The First Congregational Church stands prominently in the village center of Orwell, near the western end of an oval drive on the north side of Main Street (Vermont Route 73). It is an imposing single-story brick building, with a gabled roof and two-stage tower. The first stage of the tower is square with corner pilasters, and houses a clock. The second stage is an octagonal belfry, with four rectangular louvered faces separated by angled faces with paired fluted Ionic columns. It is topped by an octagonal cupola. The front facade has a fully pedimented gable above an entablature supported by four brick pilasters and two fluted Doric columns. The columns and inner pilaster demarcate a sheltered recess housing the main entrance.[2]


The church was built by the membership, and retains much of its original form. The sanctuary windows, originally clear glass, began to be replaced by stained glass memorial windows in the late 19th century. One, the Children’s Window, is unique in New England, as it was paid for by the children of the Sunday School in memory of other children of the church.

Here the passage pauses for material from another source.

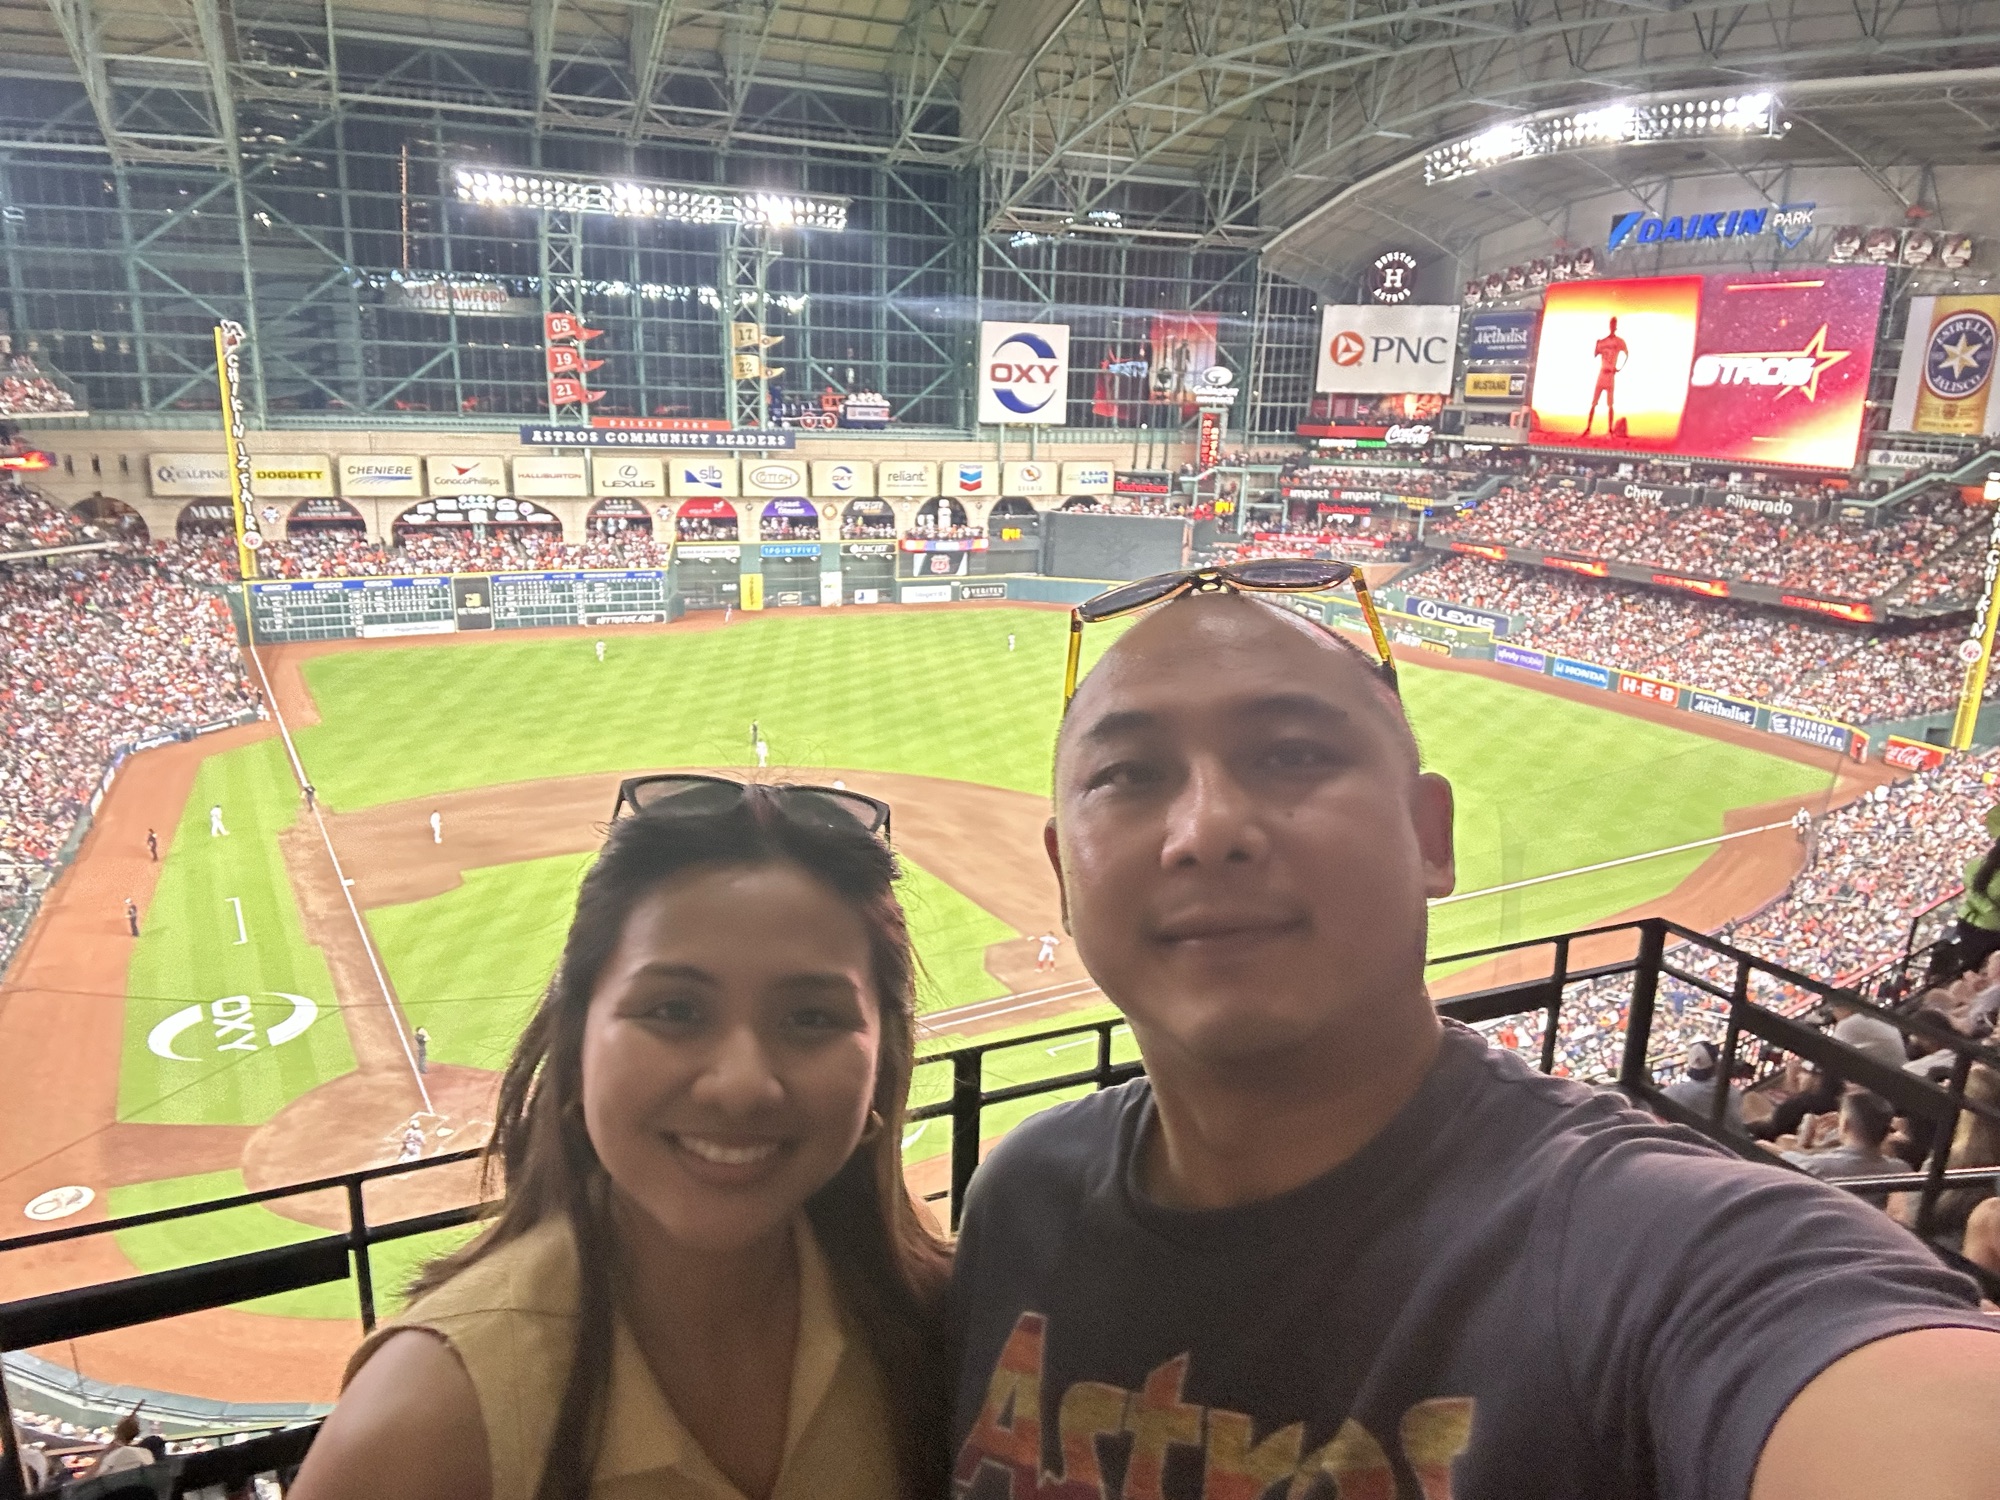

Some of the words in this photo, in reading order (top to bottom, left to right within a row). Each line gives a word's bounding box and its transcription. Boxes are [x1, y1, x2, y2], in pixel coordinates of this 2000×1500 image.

The church is an independent congregation “gathered” in 1789. The stained glass windows are not simply colored glass, but traditional stained glass windows, which illustrate Bible stories and teaching, such as Jesus and the children, the Trinity, and more. The sanctuary, which seats approximately 350, has its original pews, many of which were originally “family pews”, purchased or rented by members of the church when the building was built. As recently as the late 20th century, some members still sat in their family’s traditional pew, although the seating is now open to all. The fine acoustics lend themselves to organ concerts, congregational singing and makes easier preaching from the large Victorian pulpit. Music has long been a hallmark of the church, with organists serving for many years at the fine Hook-Tracker organ, built in the 1860s and restored in the early 1990s. This small instrument of only 16 stops two keyboards (including the pedal board)is nonetheless a versatile instrument. The church’s parsonage, at the corner of Main and Church Streets, was built ca. 1825, originally in the shape of a cross, but the two additional wings have since been removed.[3]”-,_Vermont)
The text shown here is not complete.